Personal information
- Born: March 19, 1892 Ottawa, Ontario
- Died: October 2, 1981 (aged 89) Montreal, Quebec

Figure skating career
- Country: Canada
- Partner: Jeanne Chevalier
- Skating club: Winter Club of Montreal

= Norman M. Scott =

Canadian figure skater

Norman Mackie Scott (March 19, 1892 – October 2, 1981) was a Canadian a figure skater who competed in both single skating and pair skating.

==Biography==
Norman Scott's pairs partner in figure skating was Jeanne Chevalier. As a single skater, he is the 1914 and 1920 Canadian champion. He and Chevalier won the 1914 Canadian pairs title. Scott was part of the four teams that won the silver medal in the Canadian fours championships in 1913.

Scott also competed in the United States and won the first United States Figure Skating Championships in both singles and pairs.
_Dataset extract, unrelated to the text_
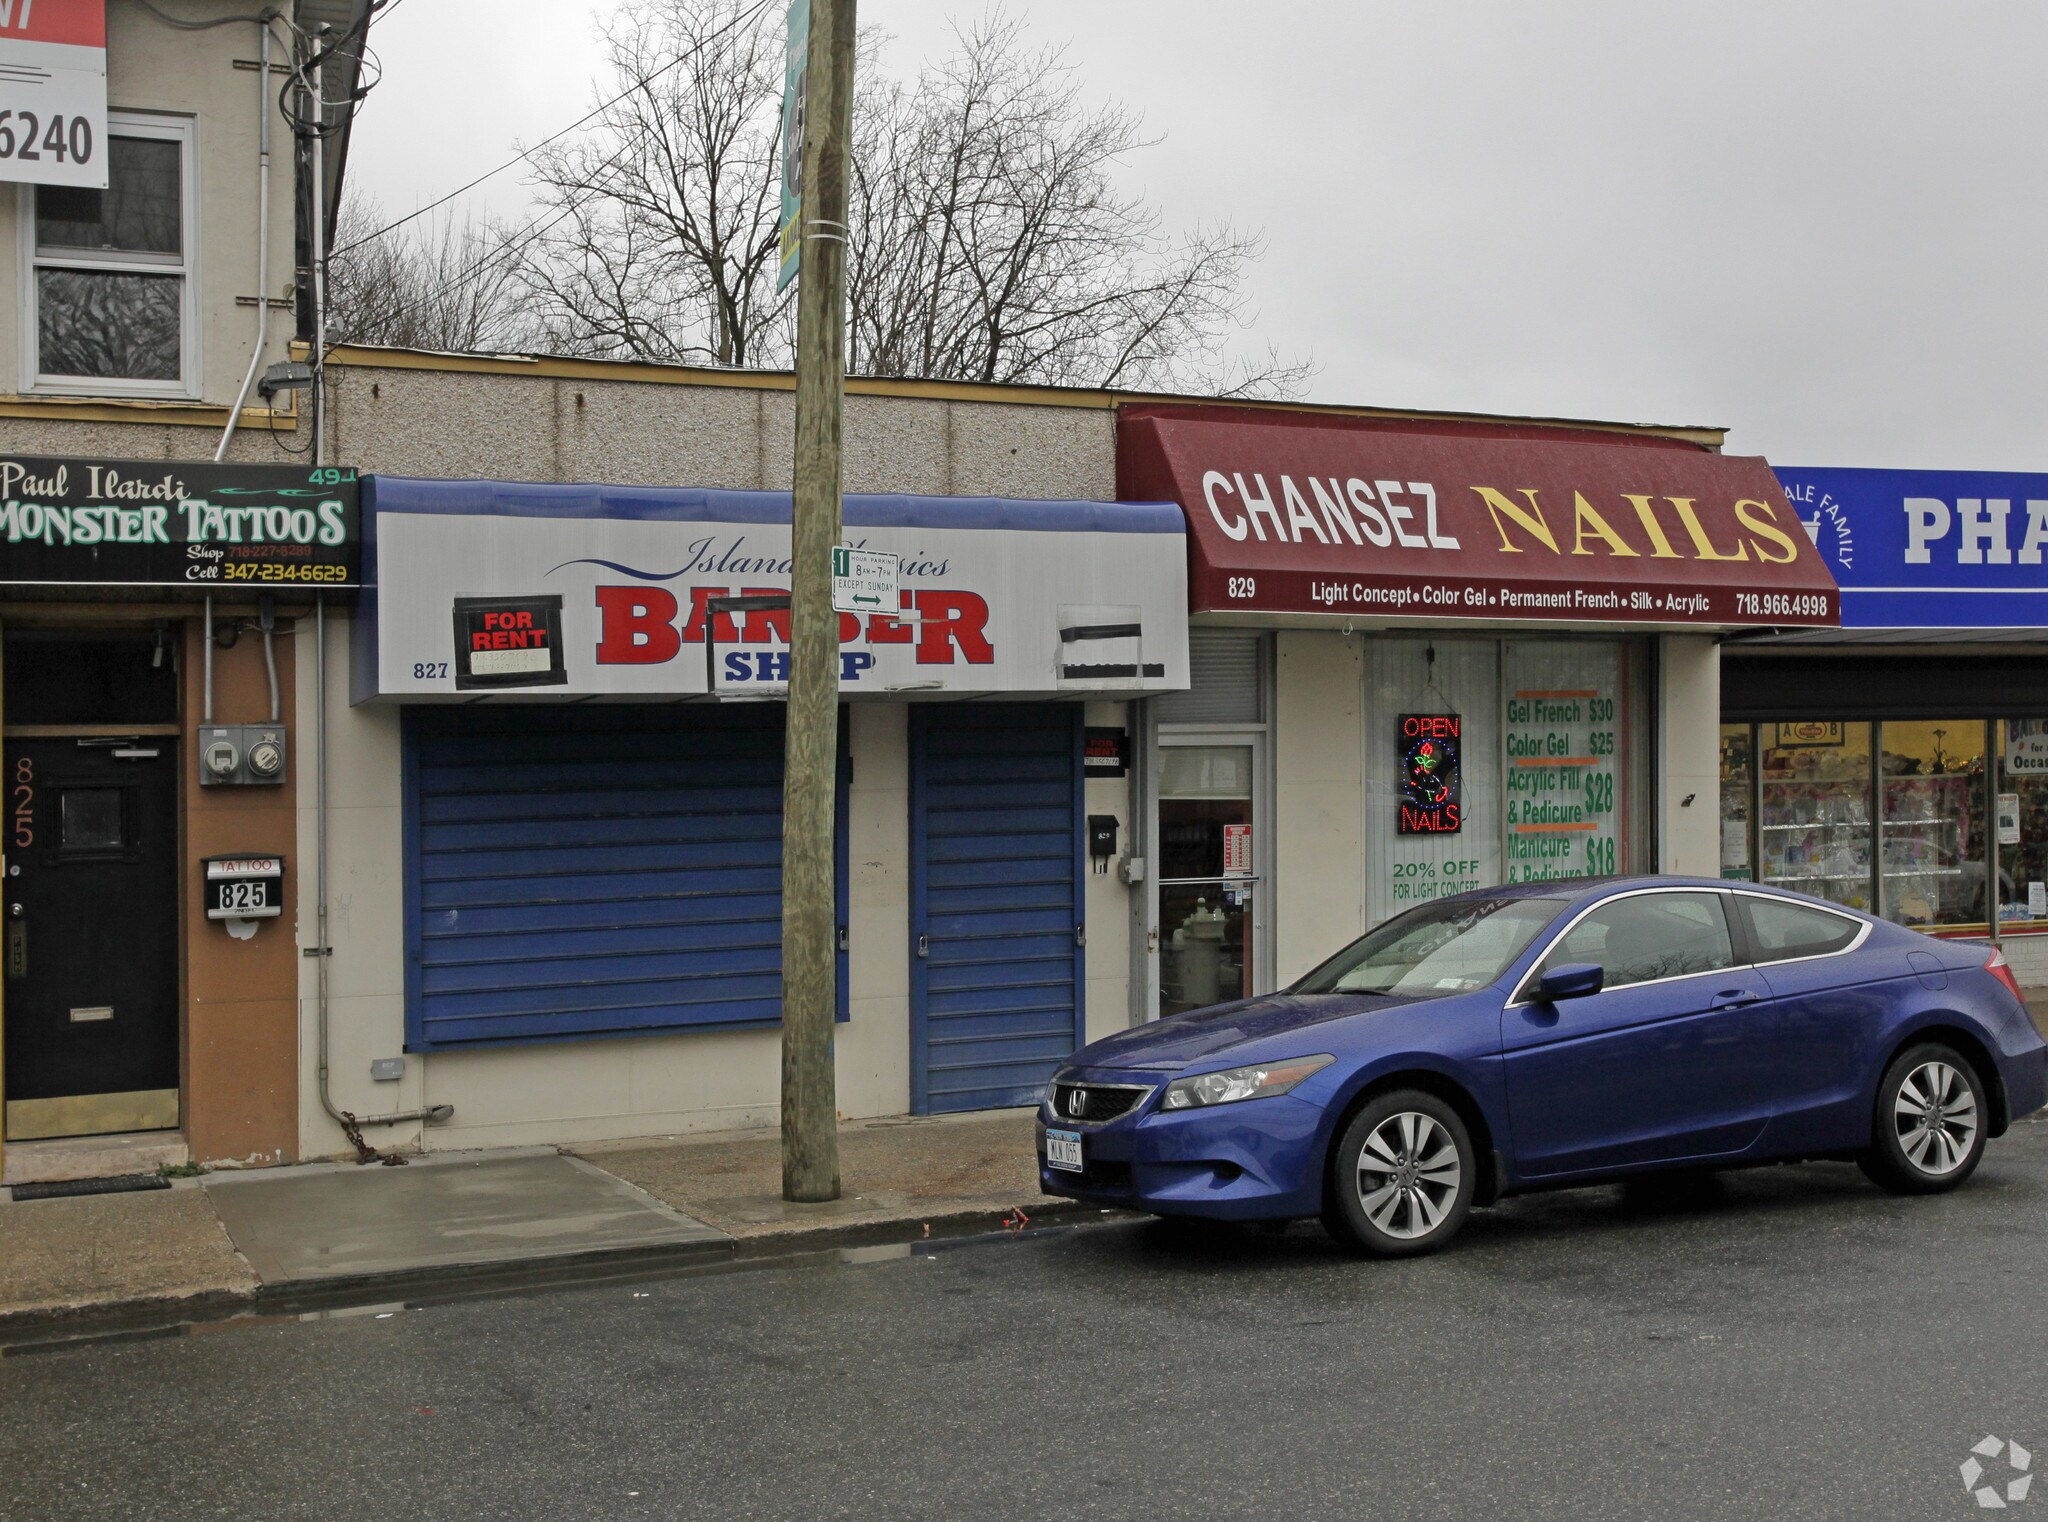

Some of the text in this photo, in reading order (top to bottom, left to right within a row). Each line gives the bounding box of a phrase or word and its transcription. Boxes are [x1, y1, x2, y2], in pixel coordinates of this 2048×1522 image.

While attending McGill University in Montreal Scott played on the school ice hockey team and was a member of the 1911–12 Canadian intercollegiate championship team. He had previously also played hockey in the Ottawa City Hockey League. While still in his teens he was said to have been given a big offer to join the Ottawa Senators of the National Hockey Association.

Outside of figure skating and ice hockey Scott was also a competitive golf player, representing the Royal Ottawa Golf Club.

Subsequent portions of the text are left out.